[[ INPUT FOR THIS TASK open ]]

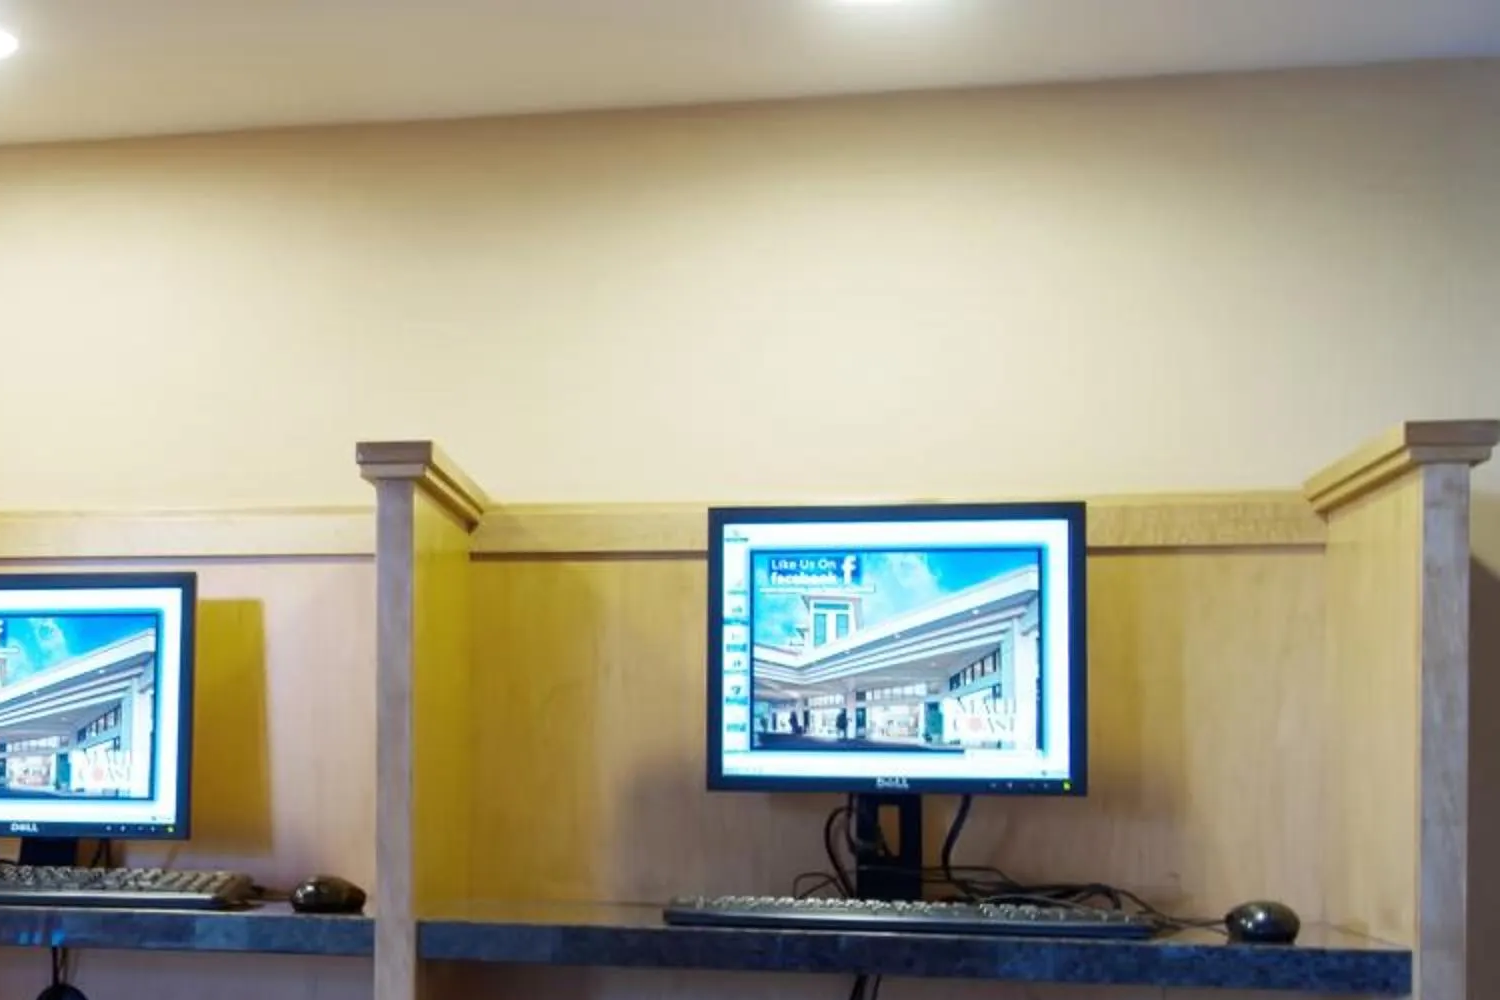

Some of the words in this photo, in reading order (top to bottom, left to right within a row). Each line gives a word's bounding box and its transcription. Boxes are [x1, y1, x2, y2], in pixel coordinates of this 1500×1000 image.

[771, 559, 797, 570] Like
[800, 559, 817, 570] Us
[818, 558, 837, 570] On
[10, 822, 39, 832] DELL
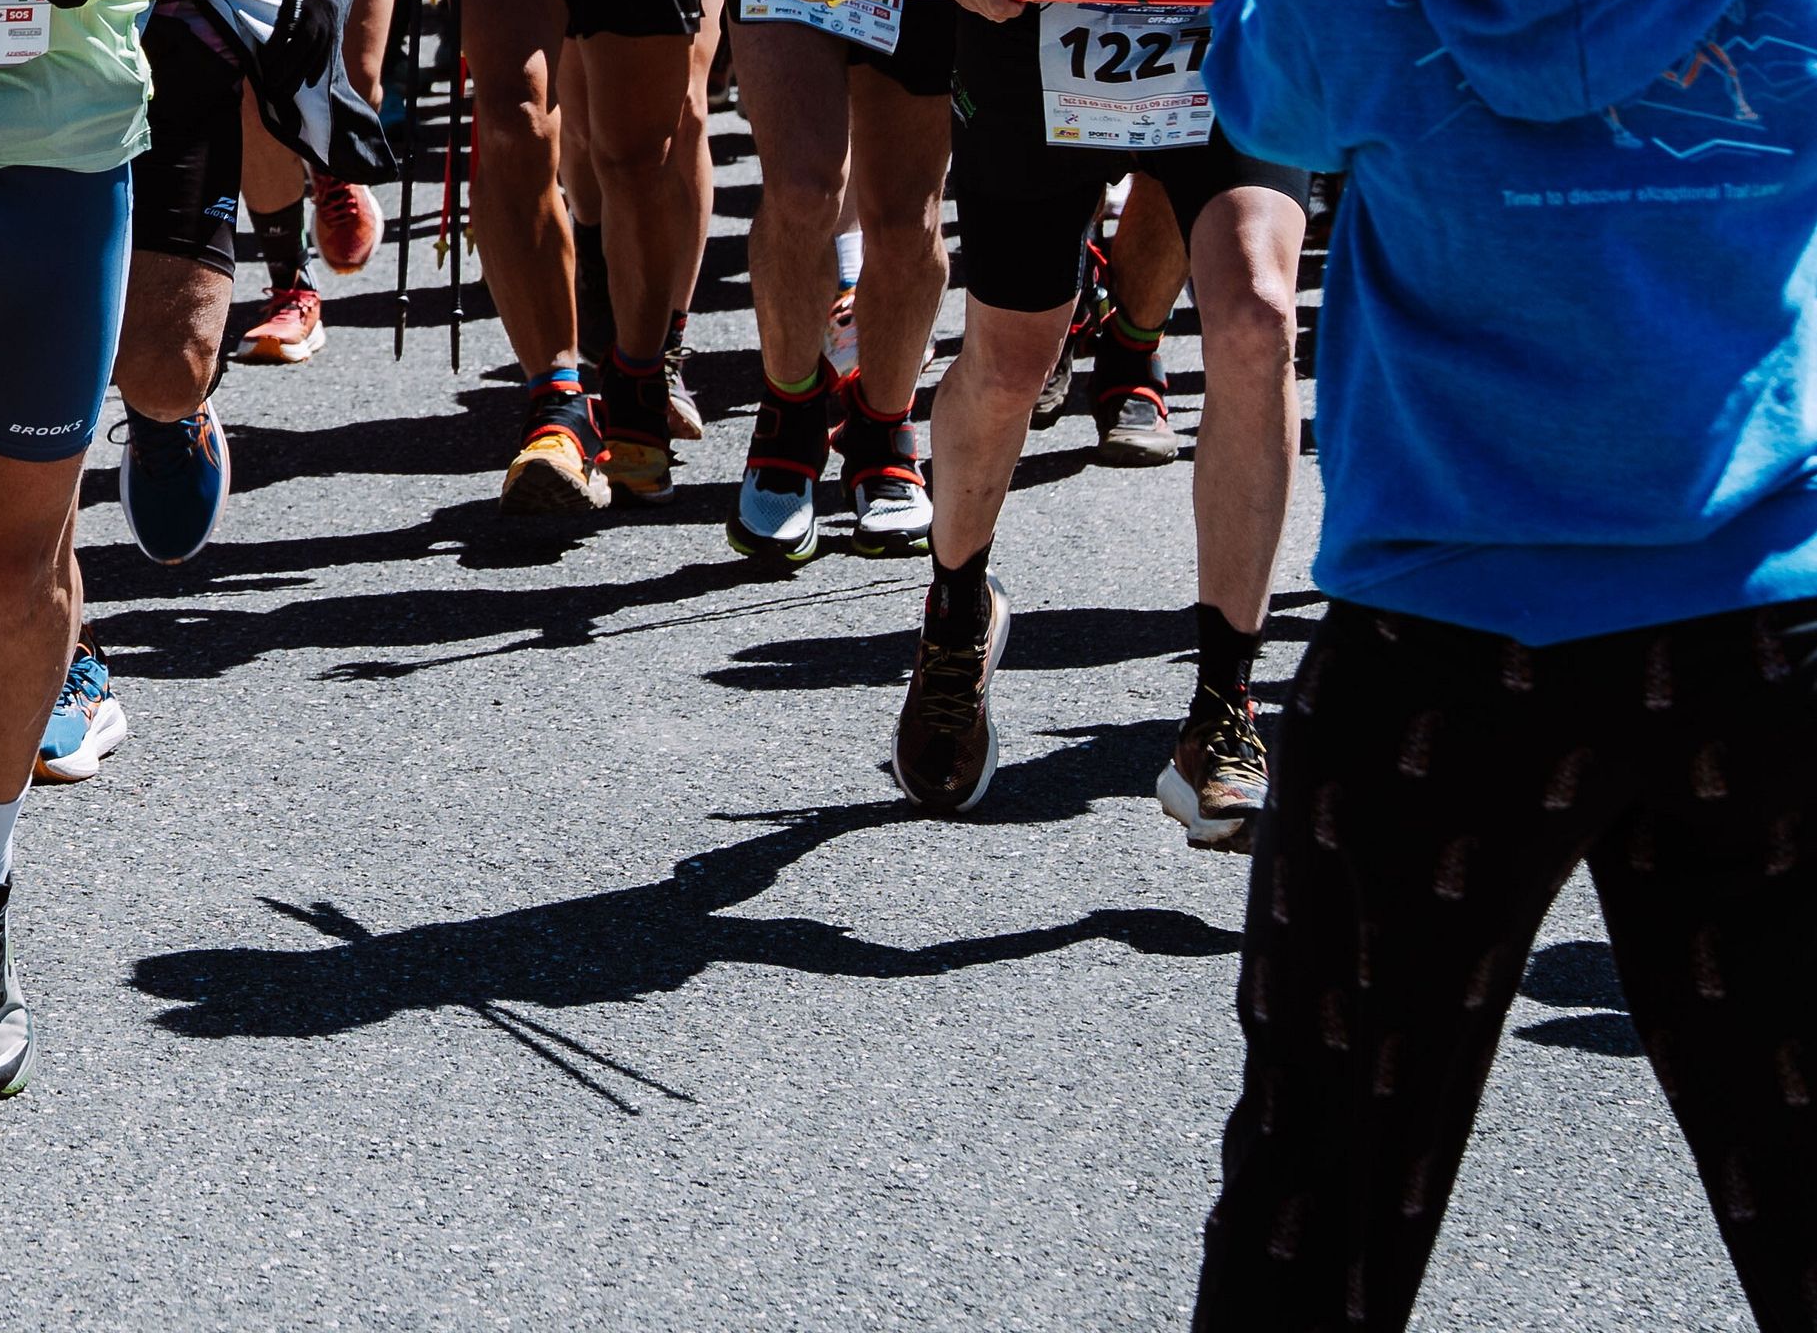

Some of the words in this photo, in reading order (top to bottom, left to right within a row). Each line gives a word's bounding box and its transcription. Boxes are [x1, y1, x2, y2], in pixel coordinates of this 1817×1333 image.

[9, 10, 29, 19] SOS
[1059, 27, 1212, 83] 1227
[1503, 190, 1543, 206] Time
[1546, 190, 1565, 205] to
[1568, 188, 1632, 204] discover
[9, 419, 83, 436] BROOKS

[[ INPUT FOR THIS TASK closed ]]
[[ INPUT FOR THIS TASK open ]]

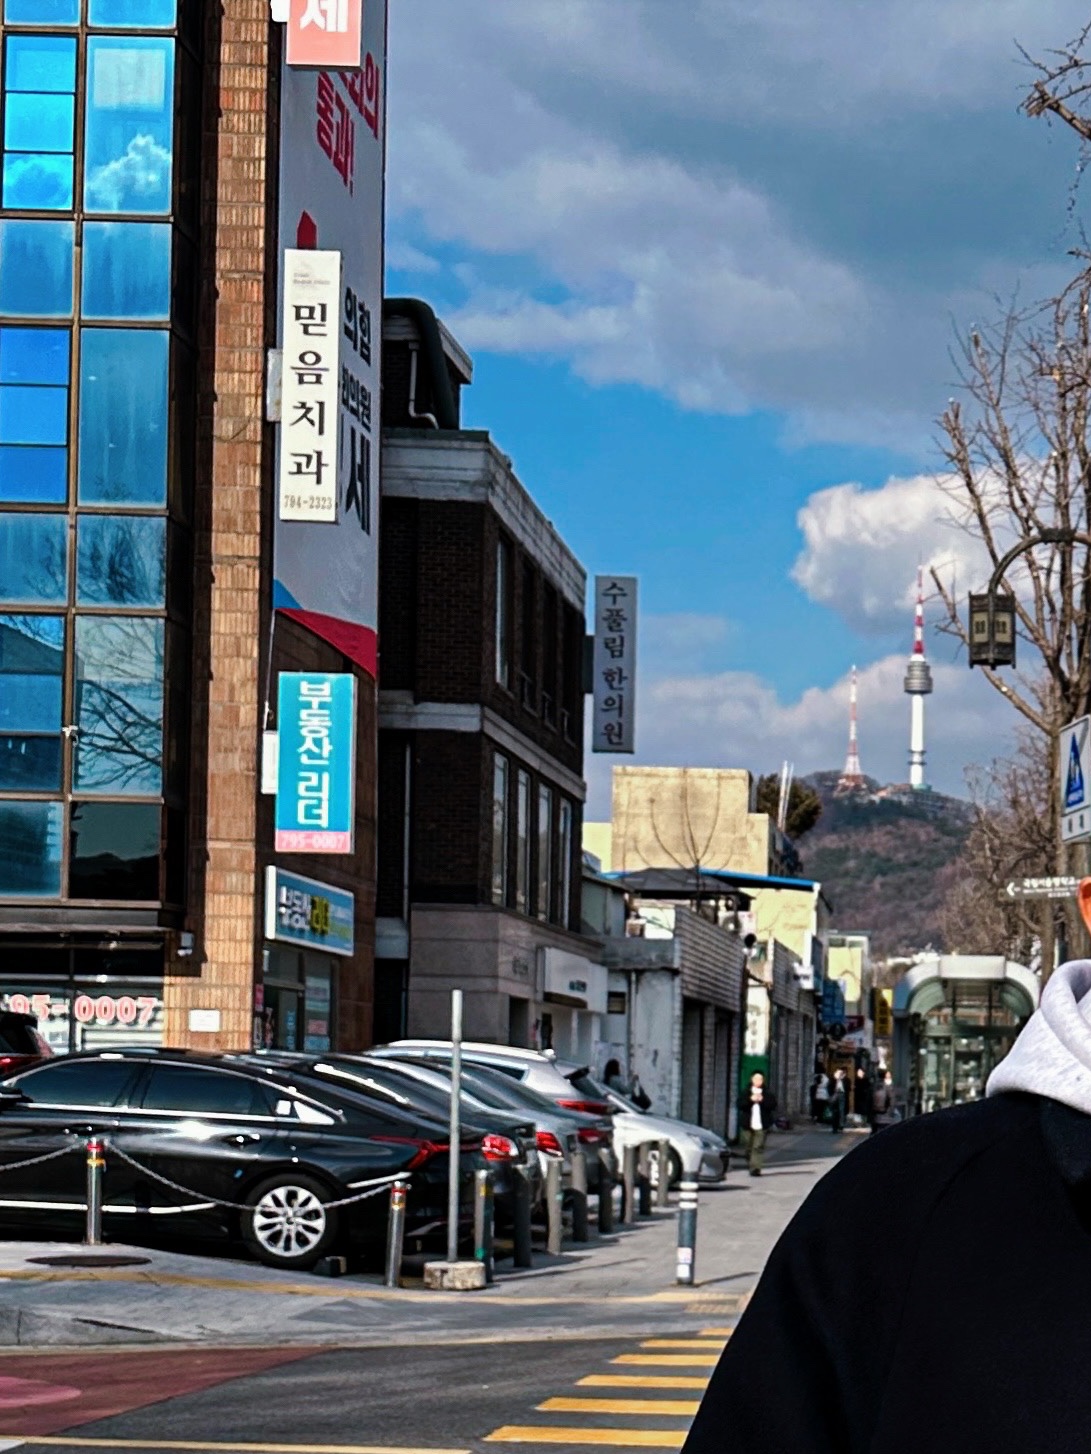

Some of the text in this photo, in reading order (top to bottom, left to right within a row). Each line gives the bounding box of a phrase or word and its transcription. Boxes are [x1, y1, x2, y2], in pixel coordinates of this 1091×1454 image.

[[ INPUT FOR THIS TASK closed ]]
[[ INPUT FOR THIS TASK open ]]

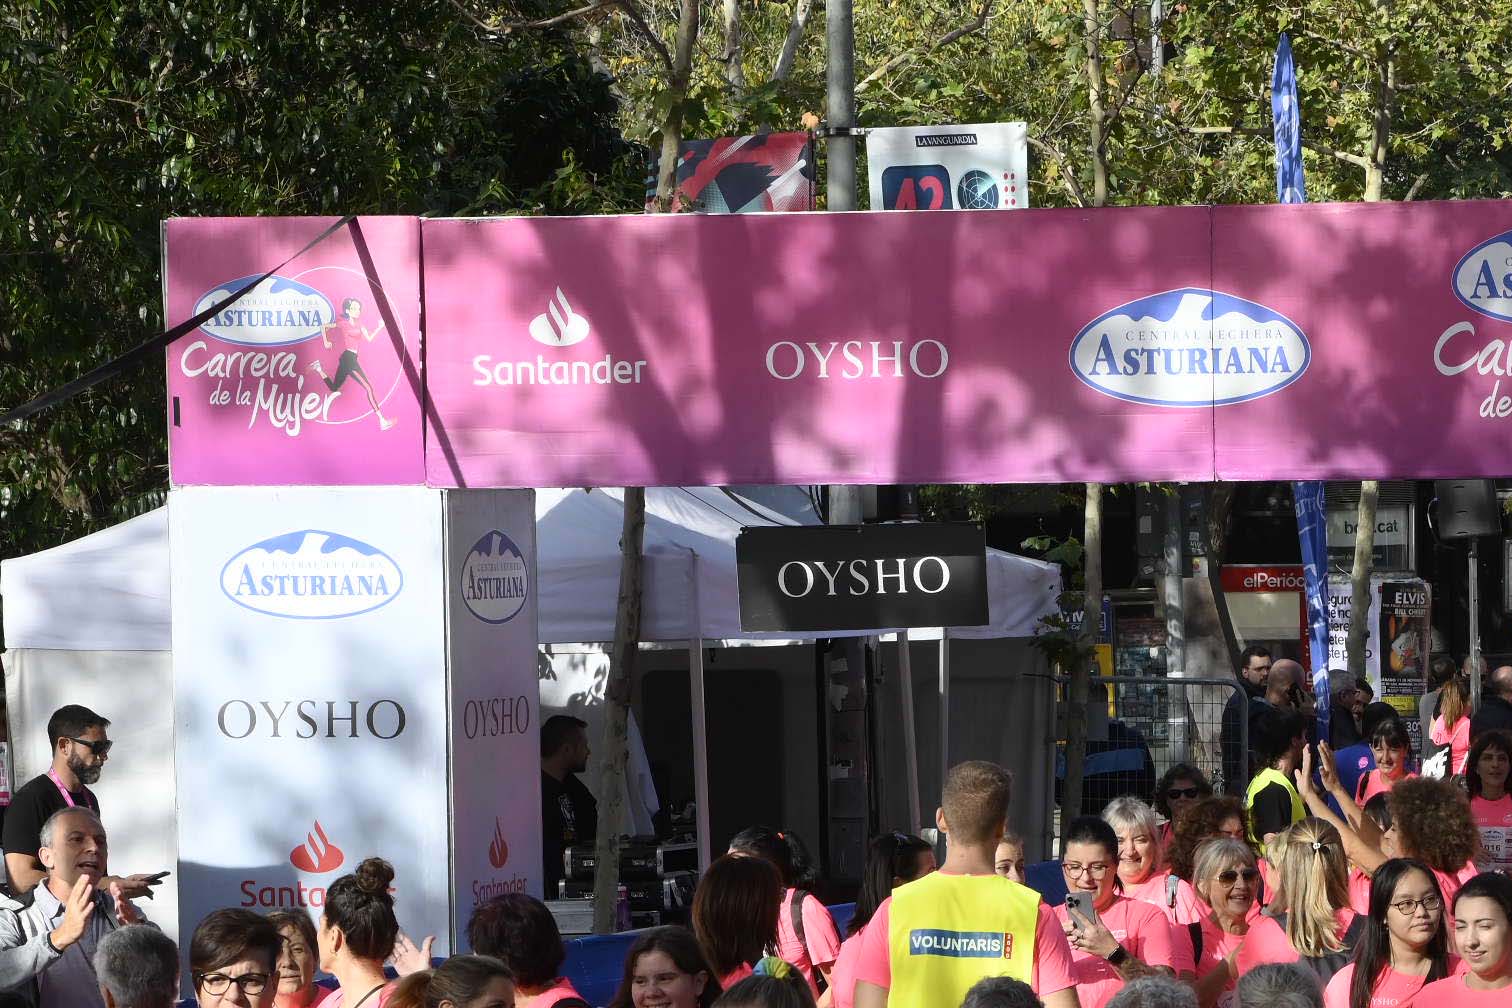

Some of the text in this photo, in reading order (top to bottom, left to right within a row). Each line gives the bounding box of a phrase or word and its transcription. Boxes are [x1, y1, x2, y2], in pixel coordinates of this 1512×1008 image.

[[ INPUT FOR THIS TASK closed ]]

_WORK ORDER:_
Every line of the records above where the string "text" is found should be copied.

_TASK OUTPUT:_
Some of the text in this photo, in reading order (top to bottom, left to right within a row). Each line gives the bounding box of a phrase or word and its transcription. Boxes are [x1, y1, x2, y2], in pixel coordinates of this 1091×1454 image.
Some of the text in this photo, in reading order (top to bottom, left to right within a row). Each line gives the bounding box of a phrase or word and its transcription. Boxes are [x1, y1, x2, y2], in pixel coordinates of this 1512×1008 image.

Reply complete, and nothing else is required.